(Annotated photo localization data)

* * *

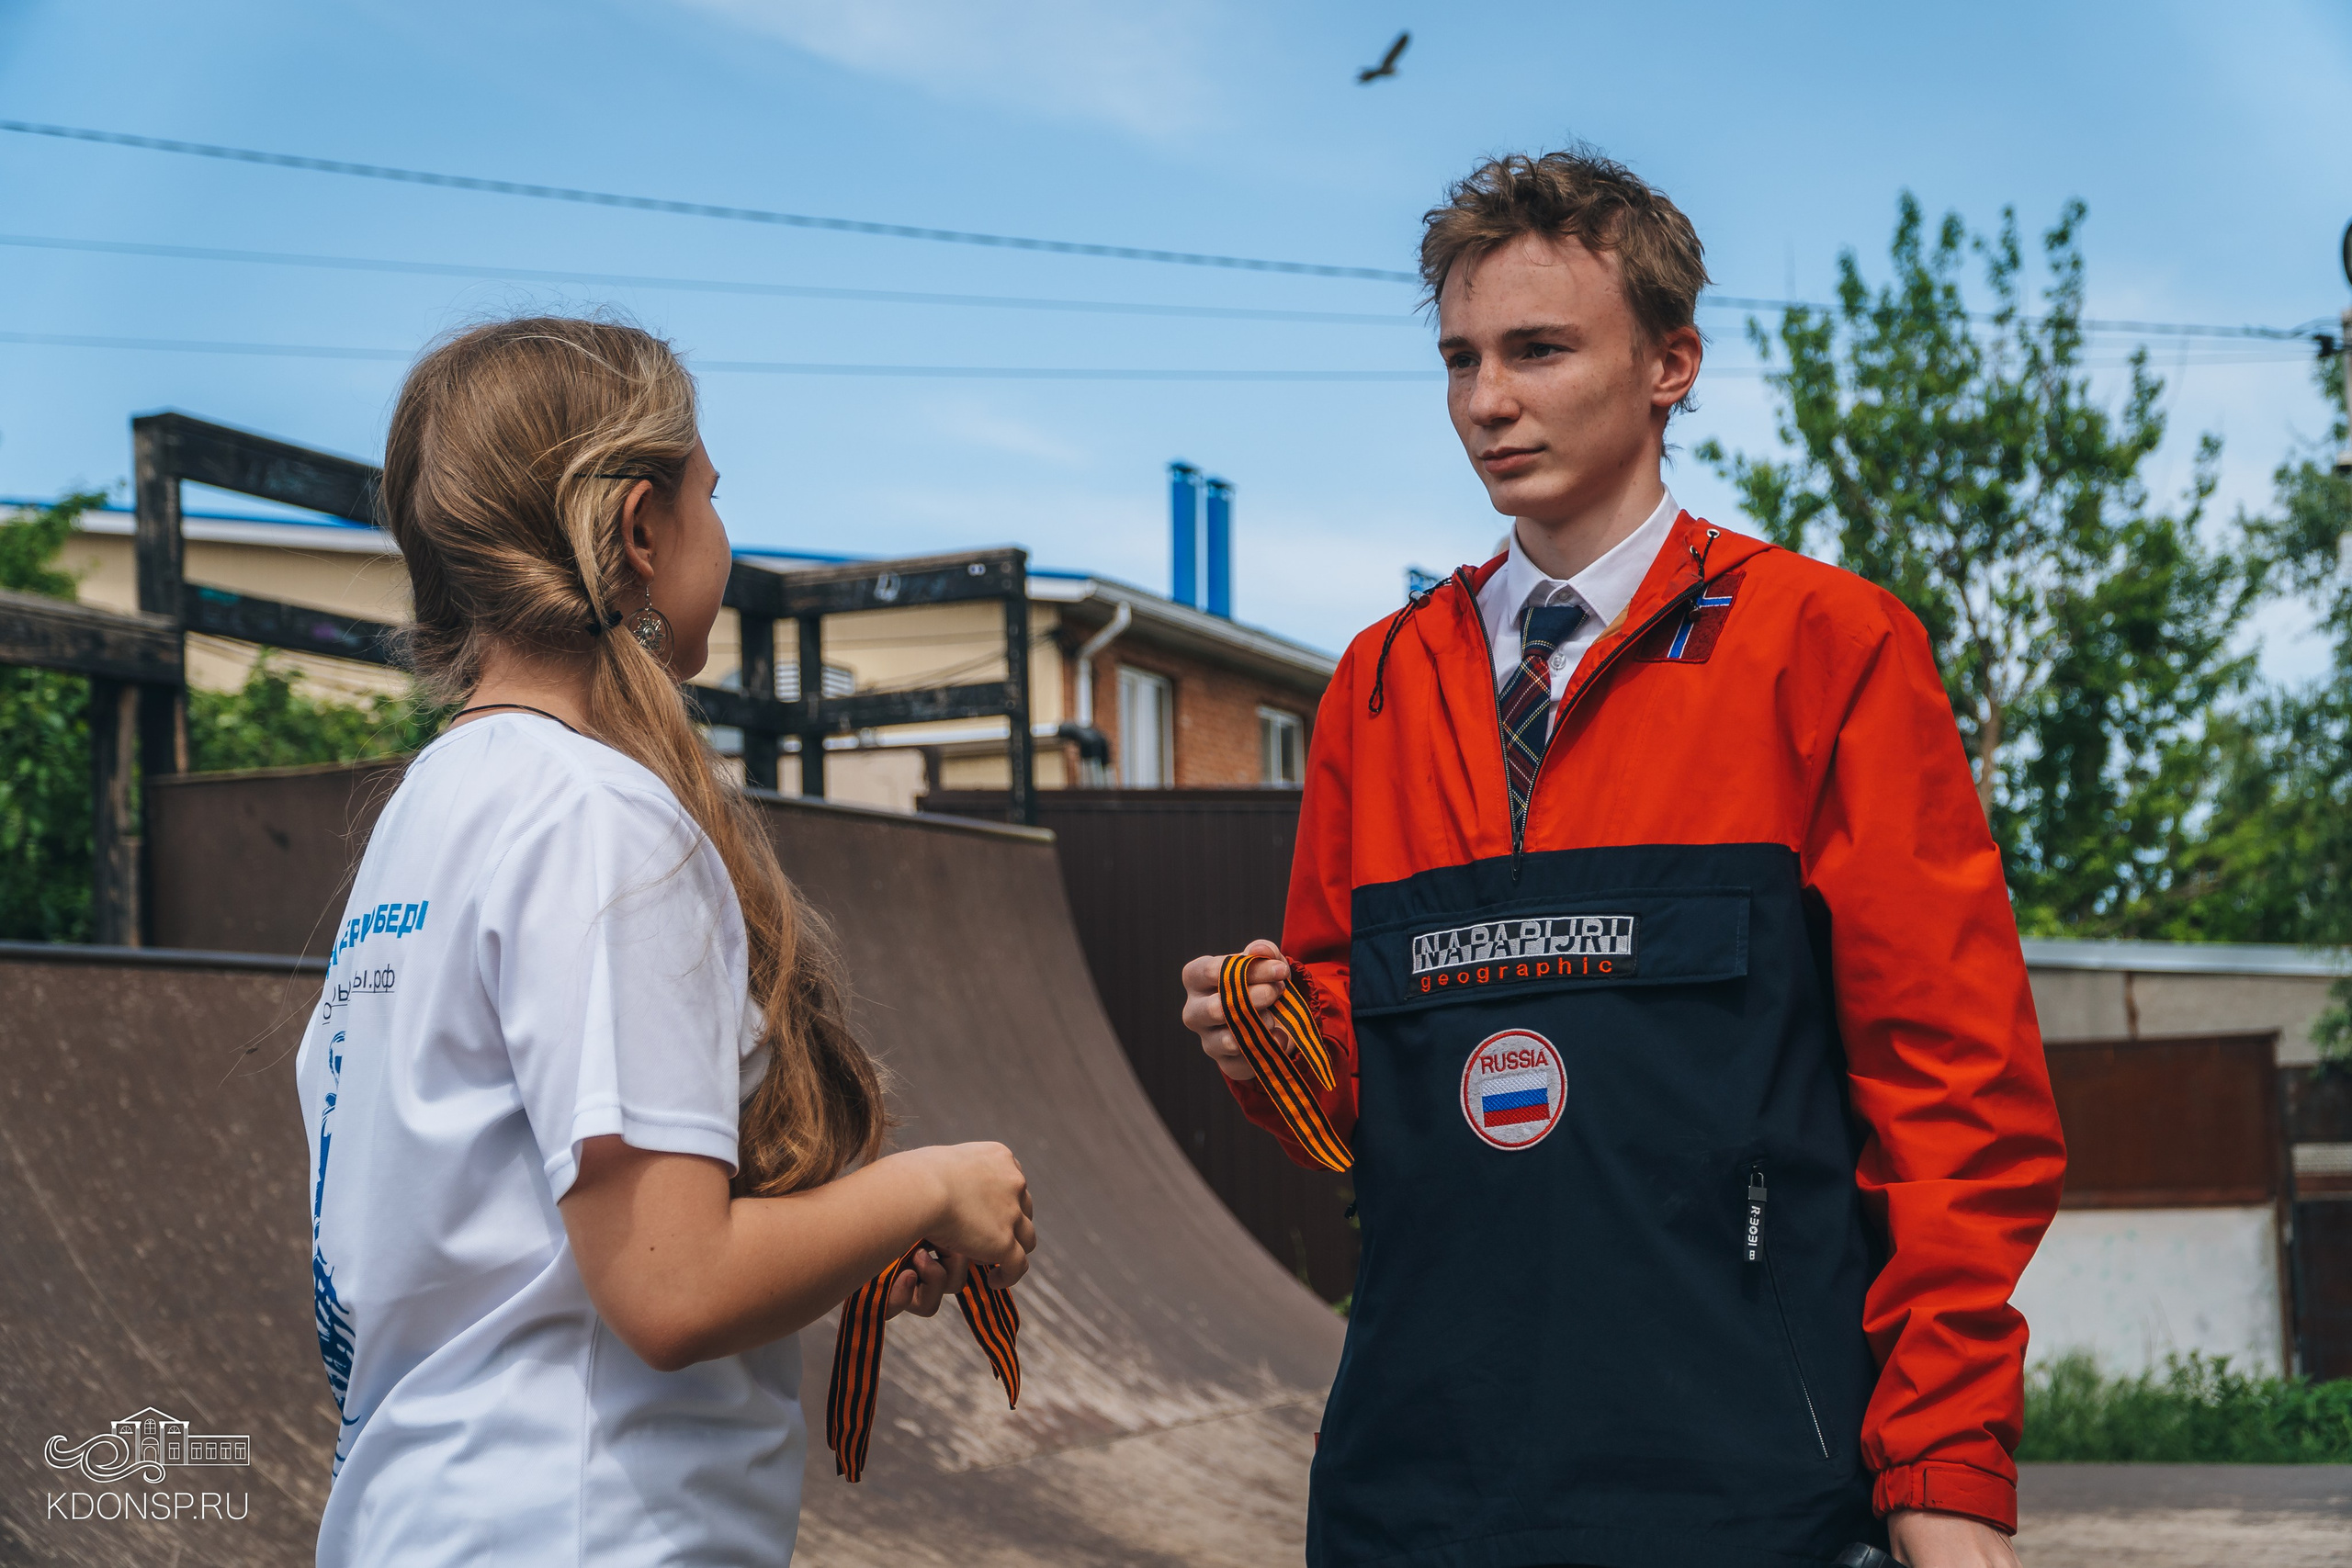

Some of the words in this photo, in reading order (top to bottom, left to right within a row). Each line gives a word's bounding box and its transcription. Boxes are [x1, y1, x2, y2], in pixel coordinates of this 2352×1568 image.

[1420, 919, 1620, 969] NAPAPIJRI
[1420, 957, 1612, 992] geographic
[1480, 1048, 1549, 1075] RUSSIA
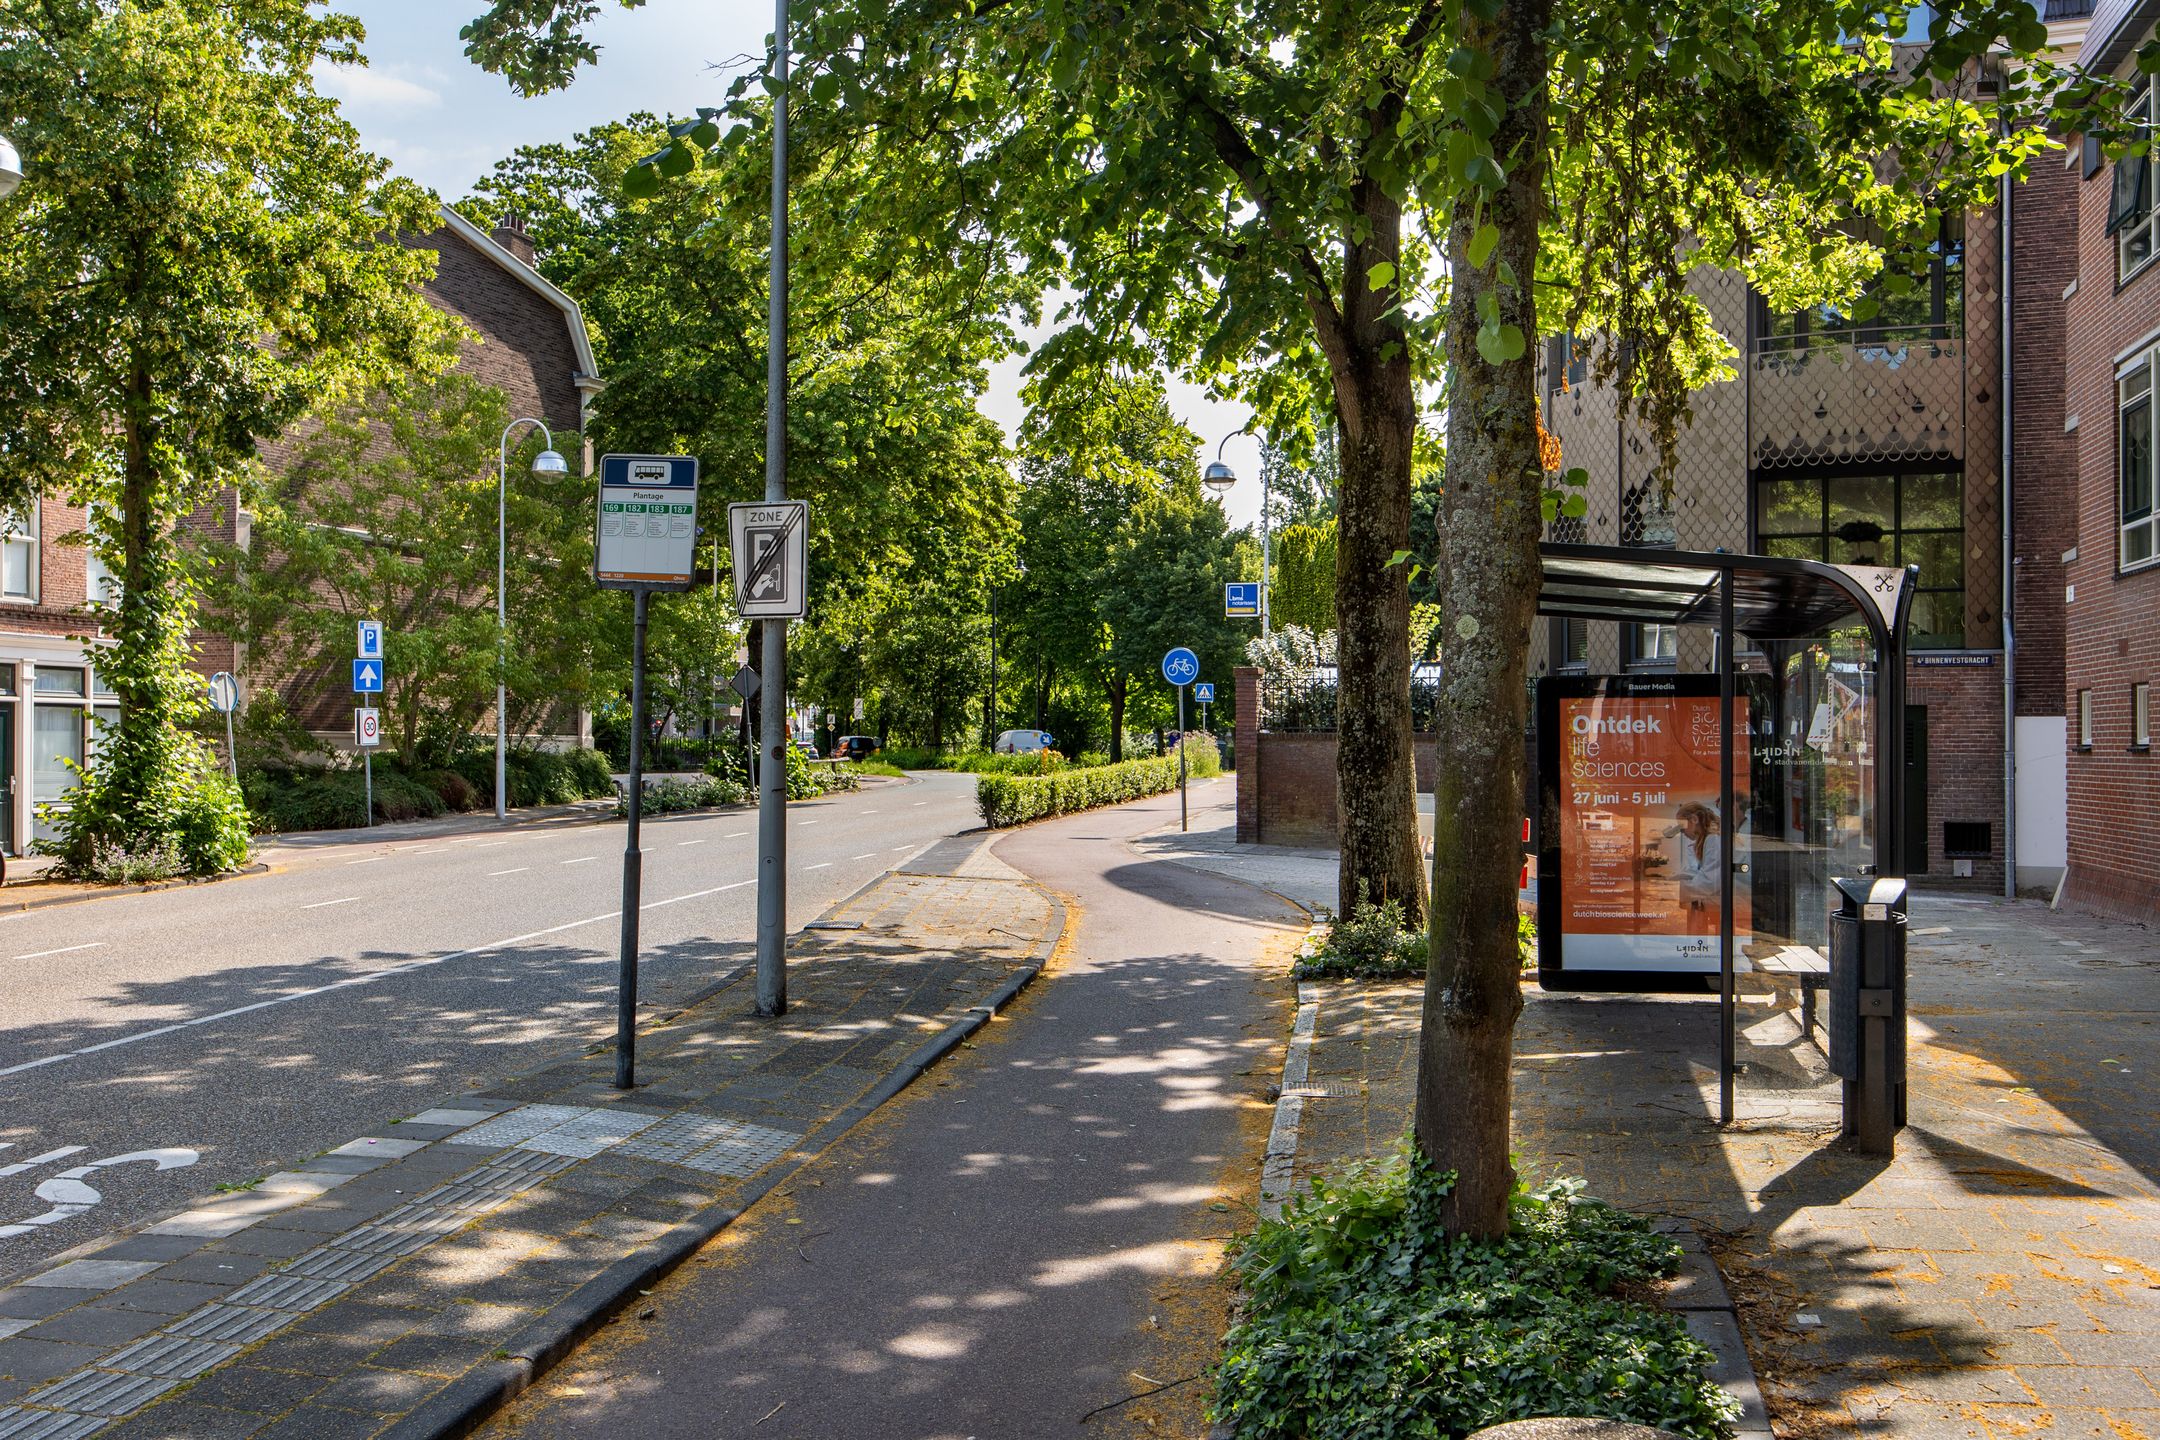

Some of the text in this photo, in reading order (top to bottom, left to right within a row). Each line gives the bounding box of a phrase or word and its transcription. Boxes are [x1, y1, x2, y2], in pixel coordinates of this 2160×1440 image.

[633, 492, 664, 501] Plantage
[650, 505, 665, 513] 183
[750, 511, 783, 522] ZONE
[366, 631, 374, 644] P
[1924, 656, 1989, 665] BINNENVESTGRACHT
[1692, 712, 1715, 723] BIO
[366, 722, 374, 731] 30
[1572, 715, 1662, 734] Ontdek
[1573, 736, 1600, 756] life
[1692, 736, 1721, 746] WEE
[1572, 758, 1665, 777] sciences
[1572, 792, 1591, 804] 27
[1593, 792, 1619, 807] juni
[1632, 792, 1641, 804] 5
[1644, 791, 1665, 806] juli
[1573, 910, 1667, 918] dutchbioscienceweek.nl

* * *

* _WHAT TO DO_:
In the entries above, take the line containing "Some of the text" and each later line through the last, and repeat them exactly. Output nothing else.

* _YOUR RESPONSE_:
Some of the text in this photo, in reading order (top to bottom, left to right within a row). Each line gives the bounding box of a phrase or word and its transcription. Boxes are [x1, y1, x2, y2], in pixel coordinates of this 2160×1440 image.

[633, 492, 664, 501] Plantage
[650, 505, 665, 513] 183
[750, 511, 783, 522] ZONE
[366, 631, 374, 644] P
[1924, 656, 1989, 665] BINNENVESTGRACHT
[1692, 712, 1715, 723] BIO
[366, 722, 374, 731] 30
[1572, 715, 1662, 734] Ontdek
[1573, 736, 1600, 756] life
[1692, 736, 1721, 746] WEE
[1572, 758, 1665, 777] sciences
[1572, 792, 1591, 804] 27
[1593, 792, 1619, 807] juni
[1632, 792, 1641, 804] 5
[1644, 791, 1665, 806] juli
[1573, 910, 1667, 918] dutchbioscienceweek.nl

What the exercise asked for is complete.